What these governments must not do, however, is drain the life-saving funds from the $50 billion national opioids settlements to cover their shortfalls. These dollars — which will be spread out over nearly two decades after an arduous legal battle between pharmaceutical companies and a bipartisan group of attorneys general — supply funding for treatment and prevention programs which have already provided vital services to countless people since the money began flowing to state and local governments in 2021.

We have already experienced what can happen when budgets tighten and legislators raid the coffers of any accounts available to them. The 1998 settlement with the tobacco industry provides a cautionary tale. Less than 3 percent of tobacco settlement funds are spent on mitigation and response initiatives, and even less on evidence-based tobacco prevention and cessation efforts.

Today, an estimated 2.5 million adults in the U.S. suffer from opioid use disorder. Even with a slight decrease from the previous year in the number of drug overdose deaths involving synthetic opioids, the age-adjusted mortality rate was more than 22 deaths per 100,000 people in 2023, higher than the rates for COVID-19 and kidney disease. 
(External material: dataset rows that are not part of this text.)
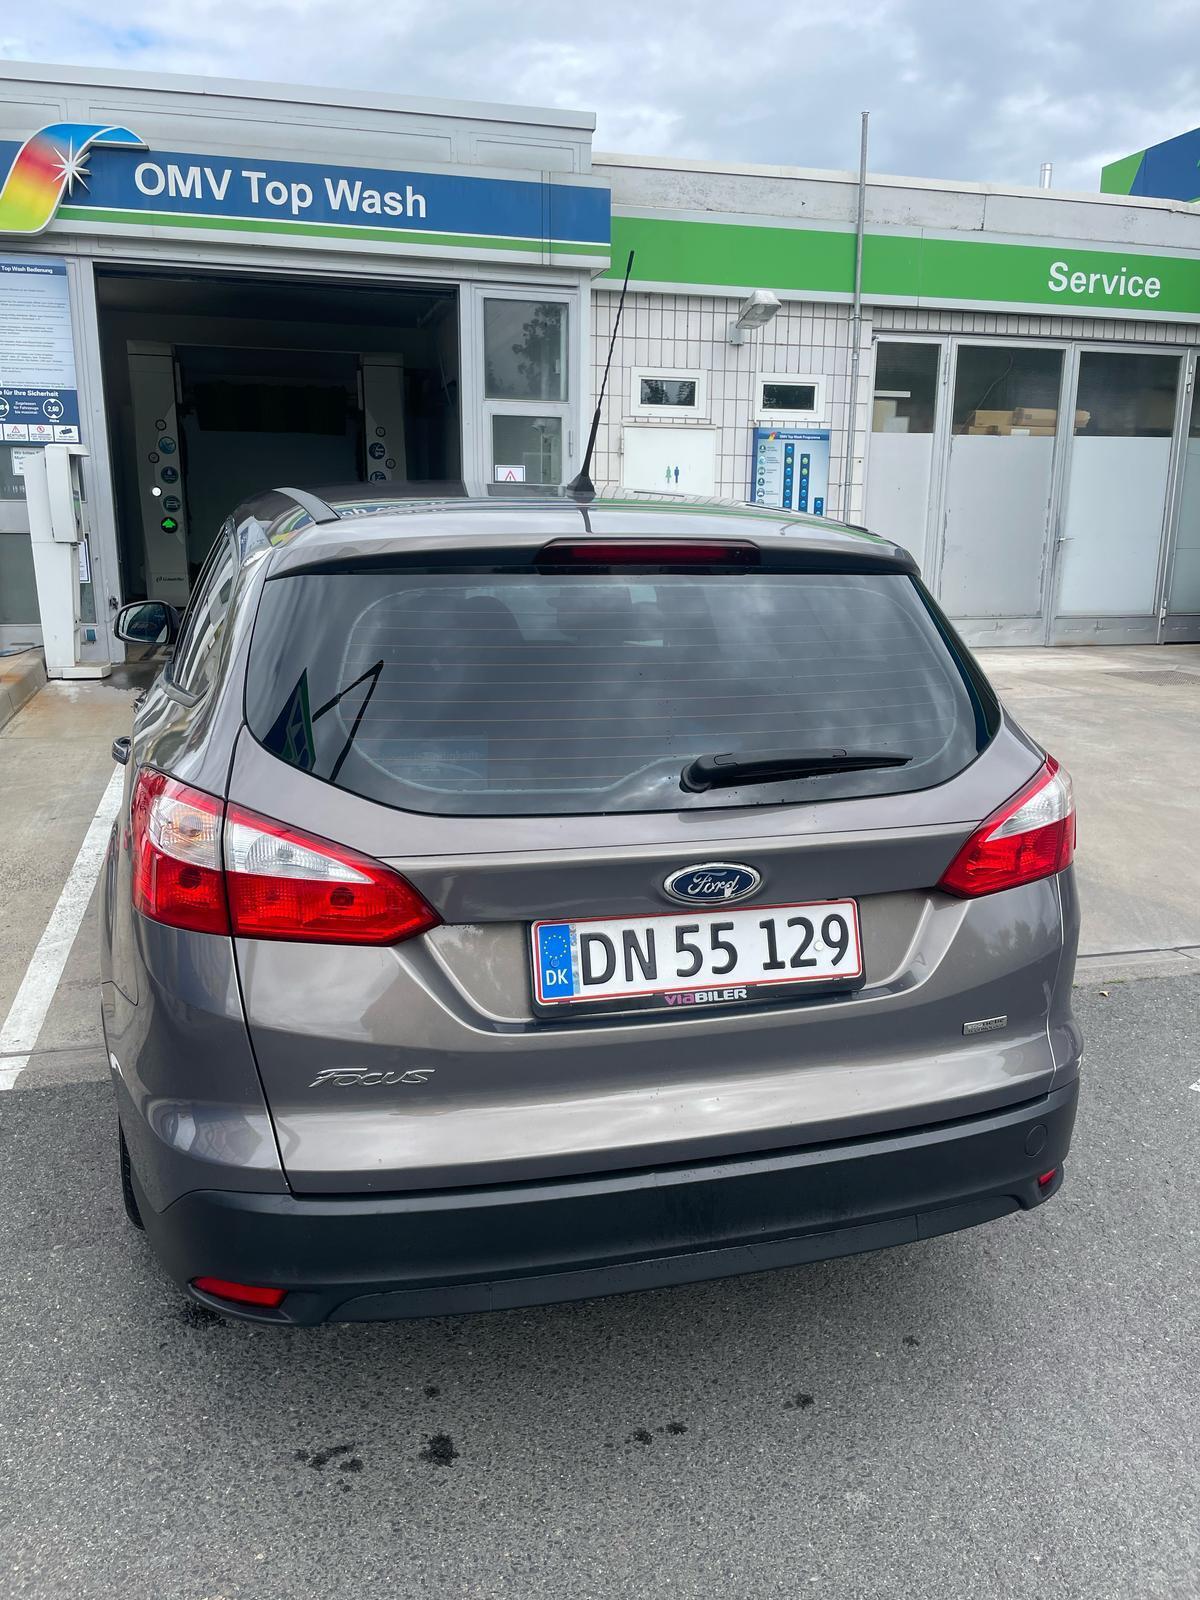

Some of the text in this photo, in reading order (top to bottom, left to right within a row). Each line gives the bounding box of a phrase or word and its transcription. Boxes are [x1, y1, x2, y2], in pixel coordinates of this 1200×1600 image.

[134, 162, 426, 218] OMV Top Wash
[26, 266, 53, 274] Bedienung
[1047, 261, 1161, 298] Service
[687, 871, 740, 895] Ford
[580, 913, 850, 986] DN 55 129
[546, 969, 569, 986] DK
These are the deadly statistics that the $50 billion settlements — reached between over 3,000 state and local governments and the companies responsible for the over-prescription of addictive opioids — are intended to address and improve. In 2019, before the settlement was reached, nearly 9 out of 10 patients with opioid use disorder were not receiving any sort of evidence-based treatments, and almost two-thirds of outpatient substance use treatment facilities did not provide any medications to treat those in need. Since settlement money began to flow, there have been promising signs that the worst of the epidemic may be behind us.
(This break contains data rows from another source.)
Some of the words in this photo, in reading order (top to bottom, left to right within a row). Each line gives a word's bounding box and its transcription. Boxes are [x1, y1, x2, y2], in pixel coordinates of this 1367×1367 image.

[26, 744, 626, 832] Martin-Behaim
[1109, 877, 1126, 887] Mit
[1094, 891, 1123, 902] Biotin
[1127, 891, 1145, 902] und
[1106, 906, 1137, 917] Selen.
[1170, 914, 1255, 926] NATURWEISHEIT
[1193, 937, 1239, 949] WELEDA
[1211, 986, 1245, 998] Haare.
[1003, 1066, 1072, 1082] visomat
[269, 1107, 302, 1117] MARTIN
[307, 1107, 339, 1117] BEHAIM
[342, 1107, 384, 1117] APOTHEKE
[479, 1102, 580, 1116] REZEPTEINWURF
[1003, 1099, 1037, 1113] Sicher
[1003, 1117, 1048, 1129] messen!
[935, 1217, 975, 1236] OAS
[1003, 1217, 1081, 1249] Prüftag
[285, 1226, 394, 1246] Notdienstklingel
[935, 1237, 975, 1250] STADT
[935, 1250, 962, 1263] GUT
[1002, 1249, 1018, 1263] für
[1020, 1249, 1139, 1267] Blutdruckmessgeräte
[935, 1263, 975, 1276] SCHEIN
Even so, the opioid mortality rate remains 20 times higher than it was a decade ago. Robbing victims and their families of these settlement dollars in order to plug unrelated budget gaps puts any further progress in serious jeopardy — and risks the lives of thousands of people in the process.

When it was agreed to, the national opioids settlement included some guardrails to prevent mismanagement of the funds, but they were incomplete and subjectively interpreted. In Bibb County, Alabama, the police department spent nearly $100,000 in settlement funds to purchase two new pickup trucks for the sheriff’s office. In Greene County, Tennessee, lawmakers used $2.4 million of the first $2.7 million settlement payout they received to plug the county’s debt

And right now in Nevada, lawmakers are grappling with a provision in Gov. Joe Lombardo’s latest budget proposal that would redirect $5 million in opioid settlement funds away from their intended use to try and plug expected shortfalls in other safety net programs. Similar fights are unfolding in Connecticut, Maryland and other statehouses.

Instead, Nevada should look to other states and local governments that are acting in good faith to support those affected by the opioid epidemic. In Minnesota, fund supervisors are requiring practices that are identified as evidence-based by the Substance Abuse and Mental Health Services Administration to treat opioid use disorder. In Durham County, North Carolina, officials created an opioid settlement manager position, and surveyed community members on how the settlement funds should be allocated, arriving at three priorities: evidence-based addiction treatment, evidence-based recovery support services and recovery support housing. 

By investing in effective, evidence-based programs that treat those directly affected by this epidemic, states can prevent future instances of this disease, and help affected families get back on track toward self-sufficiency. An analysis we conducted at Results for America estimated that if just 50 percent of the current settlement funds were spent on evidence-based interventions, it could reduce or halt the misuse of opioids in almost 200,000 people and prevent roughly 90,000 deaths over a 10-year period. 

All settlement funds — in Nevada and elsewhere — should be used exclusively for opioid remediation, with an implementation mandate for evaluation and reporting requirements to provide maximum transparency and accountability. Decision-makers should commit to using evidence in how they invest these resources. When they identify programs and initiatives that work, they should share those examples so they can be replicated in other places. 

The purposeful, criminal and largely unchecked spread of over-prescribed opioids caused irreparable damage nationwide, and we will be dealing with the effects for decades to come. But today we stand at a crossroads. Whether we chart a course toward finally ending this epidemic and alleviating the suffering it has caused depends on whether our leaders have the courage to shoulder their ledgers themselves instead of on the backs of victims of the opioid crisis.

Patrick Carter is vice president and state practice lead at Results for America, a bipartisan nonprofit that aims to help government leaders harness the power of evidence and data to fund solutions that accelerate economic mobility and improve lives. Kristen Pendergrass is vice president for state policy at Shatterproof, a nonprofit focused on ending the addiction crisis in the U.S.